> **THE PROBLEM**: The response should contain every entry, reproduced exactly.

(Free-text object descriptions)
────
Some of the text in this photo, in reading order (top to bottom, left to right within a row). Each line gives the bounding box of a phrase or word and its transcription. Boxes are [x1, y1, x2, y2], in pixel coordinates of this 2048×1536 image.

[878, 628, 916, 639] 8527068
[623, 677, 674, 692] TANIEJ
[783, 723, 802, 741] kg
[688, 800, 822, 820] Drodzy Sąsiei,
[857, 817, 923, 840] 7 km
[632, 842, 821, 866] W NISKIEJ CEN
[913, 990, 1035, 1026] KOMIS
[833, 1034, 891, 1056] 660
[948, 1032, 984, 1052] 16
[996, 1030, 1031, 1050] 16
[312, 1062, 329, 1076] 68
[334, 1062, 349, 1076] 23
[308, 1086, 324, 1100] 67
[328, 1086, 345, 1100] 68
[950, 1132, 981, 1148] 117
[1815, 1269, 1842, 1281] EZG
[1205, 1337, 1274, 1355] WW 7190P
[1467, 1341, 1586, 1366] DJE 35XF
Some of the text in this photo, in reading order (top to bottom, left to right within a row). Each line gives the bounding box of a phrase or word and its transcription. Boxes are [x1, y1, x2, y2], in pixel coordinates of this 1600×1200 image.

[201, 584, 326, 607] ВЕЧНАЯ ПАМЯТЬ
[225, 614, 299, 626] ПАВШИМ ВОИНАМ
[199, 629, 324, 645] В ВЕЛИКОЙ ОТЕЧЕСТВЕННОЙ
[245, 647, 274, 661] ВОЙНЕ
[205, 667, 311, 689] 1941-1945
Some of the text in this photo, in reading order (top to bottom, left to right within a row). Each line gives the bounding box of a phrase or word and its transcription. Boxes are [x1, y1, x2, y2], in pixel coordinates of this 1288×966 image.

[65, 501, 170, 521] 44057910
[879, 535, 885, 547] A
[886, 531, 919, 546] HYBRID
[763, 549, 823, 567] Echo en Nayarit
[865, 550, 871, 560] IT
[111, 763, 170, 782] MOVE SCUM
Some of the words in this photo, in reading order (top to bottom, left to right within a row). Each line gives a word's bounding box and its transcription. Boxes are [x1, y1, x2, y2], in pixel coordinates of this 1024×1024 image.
────
> **EXERCISE SOLUTION**:
Some of the text in this photo, in reading order (top to bottom, left to right within a row). Each line gives the bounding box of a phrase or word and its transcription. Boxes are [x1, y1, x2, y2], in pixel coordinates of this 2048×1536 image.

[878, 628, 916, 639] 8527068
[623, 677, 674, 692] TANIEJ
[783, 723, 802, 741] kg
[688, 800, 822, 820] Drodzy Sąsiei,
[857, 817, 923, 840] 7 km
[632, 842, 821, 866] W NISKIEJ CEN
[913, 990, 1035, 1026] KOMIS
[833, 1034, 891, 1056] 660
[948, 1032, 984, 1052] 16
[996, 1030, 1031, 1050] 16
[312, 1062, 329, 1076] 68
[334, 1062, 349, 1076] 23
[308, 1086, 324, 1100] 67
[328, 1086, 345, 1100] 68
[950, 1132, 981, 1148] 117
[1815, 1269, 1842, 1281] EZG
[1205, 1337, 1274, 1355] WW 7190P
[1467, 1341, 1586, 1366] DJE 35XF
Some of the text in this photo, in reading order (top to bottom, left to right within a row). Each line gives the bounding box of a phrase or word and its transcription. Boxes are [x1, y1, x2, y2], in pixel coordinates of this 1600×1200 image.

[201, 584, 326, 607] ВЕЧНАЯ ПАМЯТЬ
[225, 614, 299, 626] ПАВШИМ ВОИНАМ
[199, 629, 324, 645] В ВЕЛИКОЙ ОТЕЧЕСТВЕННОЙ
[245, 647, 274, 661] ВОЙНЕ
[205, 667, 311, 689] 1941-1945
Some of the text in this photo, in reading order (top to bottom, left to right within a row). Each line gives the bounding box of a phrase or word and its transcription. Boxes are [x1, y1, x2, y2], in pixel coordinates of this 1288×966 image.

[65, 501, 170, 521] 44057910
[879, 535, 885, 547] A
[886, 531, 919, 546] HYBRID
[763, 549, 823, 567] Echo en Nayarit
[865, 550, 871, 560] IT
[111, 763, 170, 782] MOVE SCUM
Some of the words in this photo, in reading order (top to bottom, left to right within a row). Each line gives a word's bounding box and its transcription. Boxes are [x1, y1, x2, y2], in pixel coordinates of this 1024×1024 image.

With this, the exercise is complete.